→ **Work instructions**: Transcribe the lines below exactly. No image belongs in the transcription.

===== Provided data =====

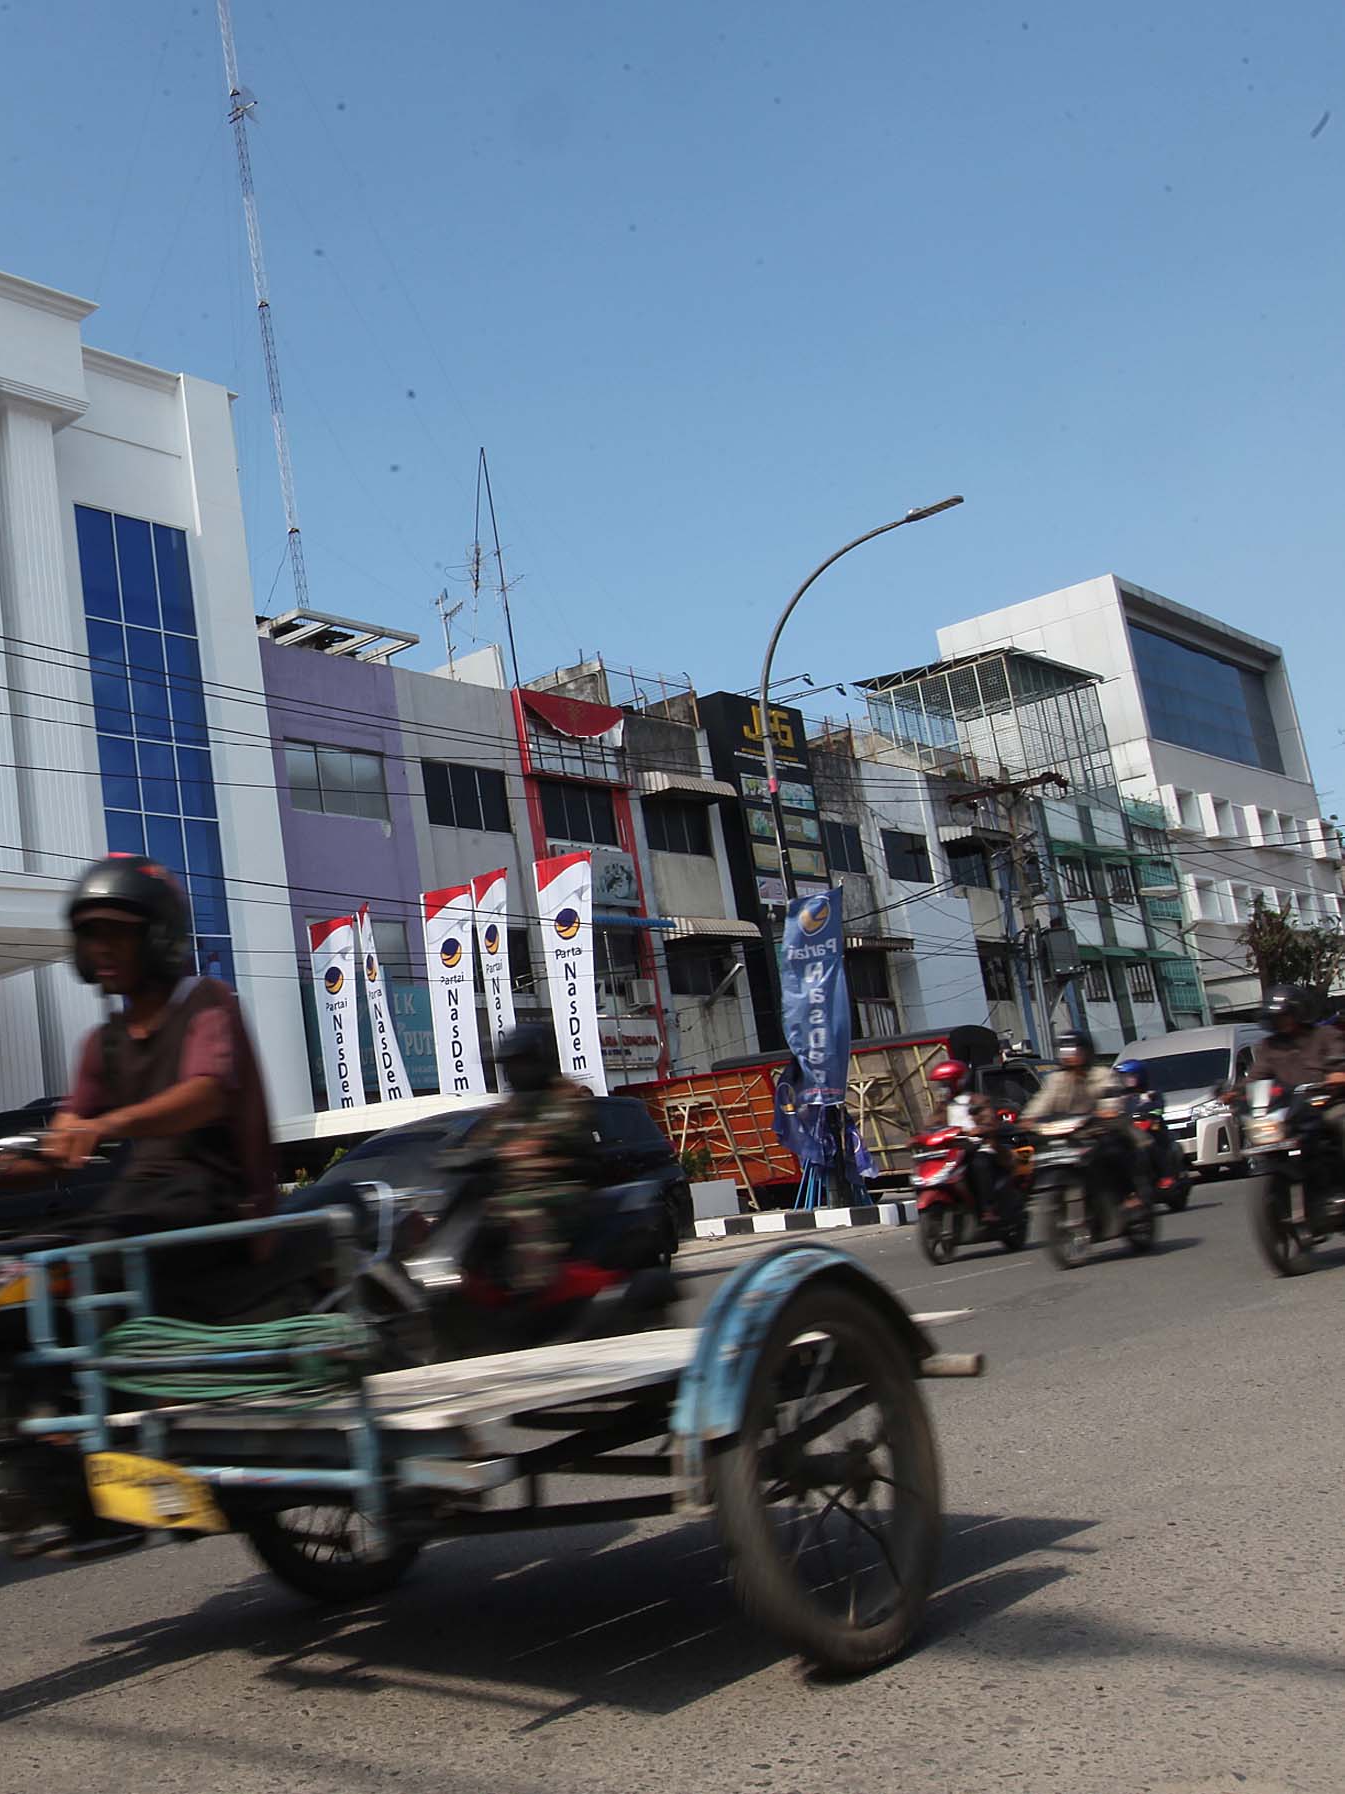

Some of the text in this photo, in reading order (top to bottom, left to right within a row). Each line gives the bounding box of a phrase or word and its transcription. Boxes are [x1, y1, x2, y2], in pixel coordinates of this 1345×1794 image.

[325, 998, 348, 1012] Partai
[440, 971, 465, 985] Partai
[563, 961, 587, 1071] NasDem
[332, 1013, 354, 1109] NasDem
[373, 1001, 403, 1100] NasDem
[447, 988, 469, 1091] NasDem

=====

→ **Result of the task**:
Some of the text in this photo, in reading order (top to bottom, left to right within a row). Each line gives the bounding box of a phrase or word and its transcription. Boxes are [x1, y1, x2, y2], in pixel coordinates of this 1345×1794 image.

[325, 998, 348, 1012] Partai
[440, 971, 465, 985] Partai
[563, 961, 587, 1071] NasDem
[332, 1013, 354, 1109] NasDem
[373, 1001, 403, 1100] NasDem
[447, 988, 469, 1091] NasDem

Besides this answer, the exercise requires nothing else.